Department of Chemical Engineering, Stanford University, Stanford, CA, United States of America.
Department of Materials Science and Engineering, Stanford University, Stanford, CA, United States of America.
Biofabrication. 2022 May 19;14(3). doi: 10.1088/1758-5090/ac6bbe.
Three-dimensional (3D) bioprinting is a promising technique for spatially patterning cells and materials into constructs that mimic native tissues and organs. However, a trade-off exists between printability and biological function, where weak materials are typically more suited for 3D cell culture but exhibit poor shape fidelity when printed in air. Recently, a new class of assistive materials has emerged to overcome this limitation and enable fabrication of more complex, biologically relevant geometries, even when using soft materials as bioinks.
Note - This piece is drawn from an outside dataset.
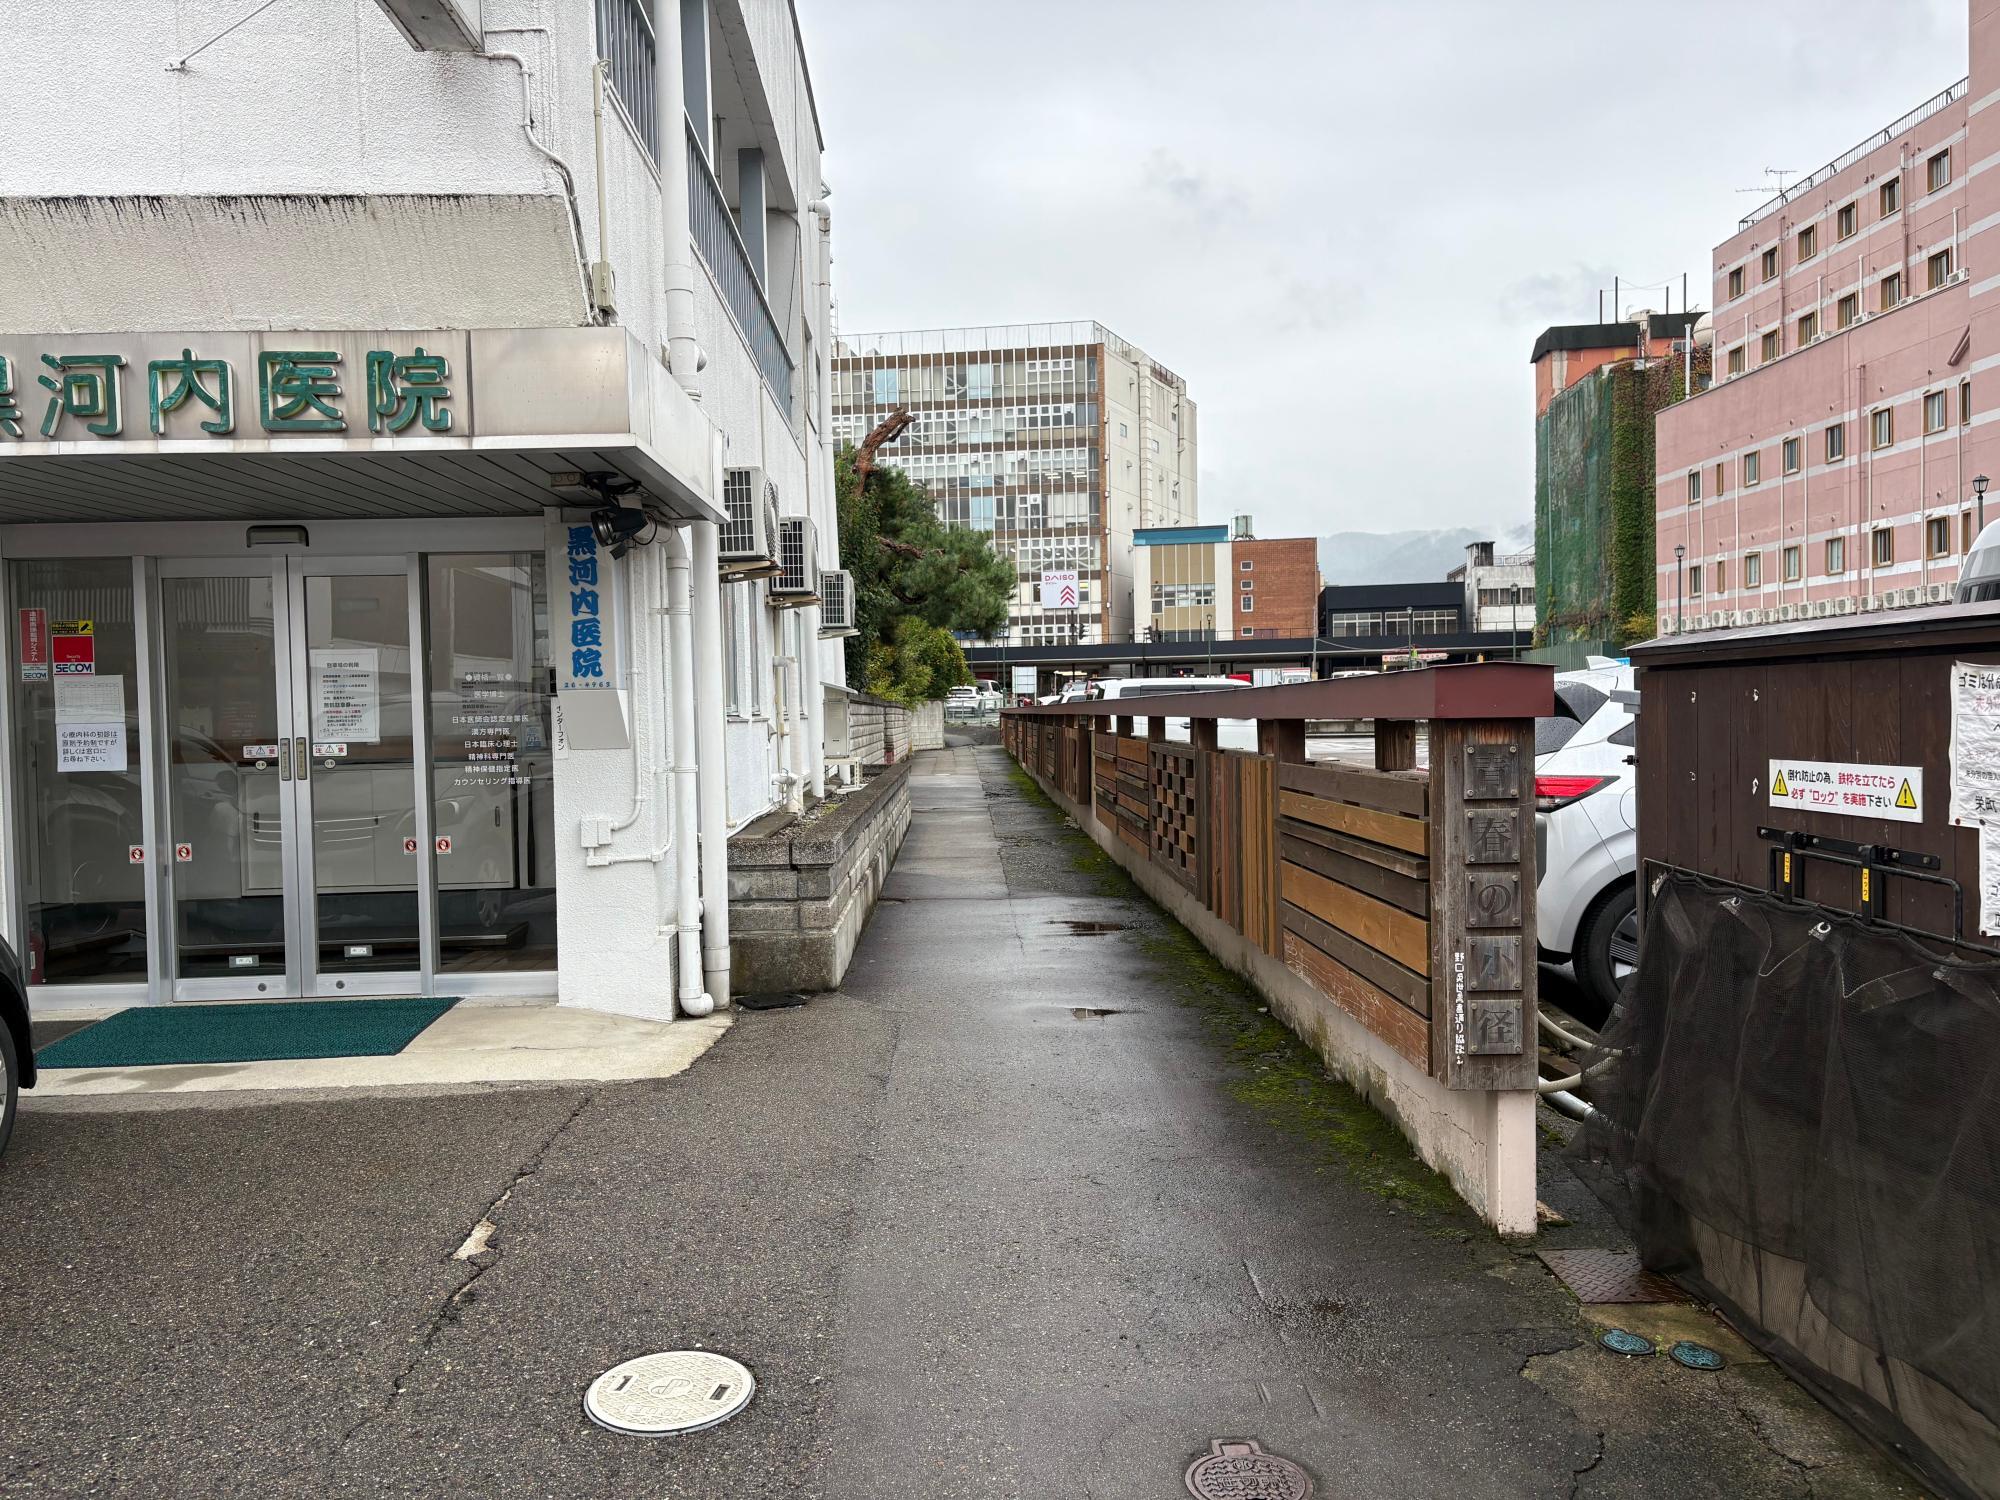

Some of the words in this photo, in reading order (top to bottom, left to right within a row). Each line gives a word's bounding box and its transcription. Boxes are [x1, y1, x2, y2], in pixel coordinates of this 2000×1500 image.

These materials include support baths, which bioinks are printed into, and sacrificial inks, which are printed themselves and then later removed. Support baths are commonly yield-stress materials that provide physical confinement during the printing process to improve resolution and shape fidelity. Sacrificial inks have primarily been used to create void spaces and pattern perfusable networks, but they can also be combined directly with the bioink to change its mechanical properties for improved printability or increased porosity. Here, we outline the advantages of using such assistive materials in 3D bioprinting, define their material property requirements, and offer case study examples of how these materials are used in practice. Finally, we discuss the remaining challenges and future opportunities in the development of assistive materials that will propel the bioprinting field forward toward creating full-scale, biomimetic tissues and organs.
三维(3D)生物打印是一种有前途的技术,可将细胞和材料空间图案化到构建体中,以模拟天然组织和器官。然而,在可打印性和生物功能之间存在权衡,其中较弱的材料通常更适合 3D 细胞培养,但在空气中打印时形状保真度较差。最近,出现了一类新的辅助材料,可以克服这一限制,甚至可以使用柔软的材料作为生物墨水,来制造更复杂、更具生物学相关性的几何形状。这些材料包括支撑浴,生物墨水打印到支撑浴中,以及牺牲墨水,牺牲墨水本身被打印出来,然后再被去除。支撑浴通常是屈服应力材料,在打印过程中提供物理约束,以提高分辨率和形状保真度。牺牲墨水主要用于创建可渗透的空隙和图案网络,但它们也可以直接与生物墨水结合,改变其机械性能,以提高可打印性或增加孔隙率。在这里,我们概述了在 3D 生物打印中使用此类辅助材料的优势,定义了它们的材料性能要求,并提供了这些材料在实践中如何使用的案例研究示例。最后,我们讨论了辅助材料在开发中的剩余挑战和未来机遇,这些机遇将推动生物打印领域朝着创建全规模、仿生组织和器官的方向前进。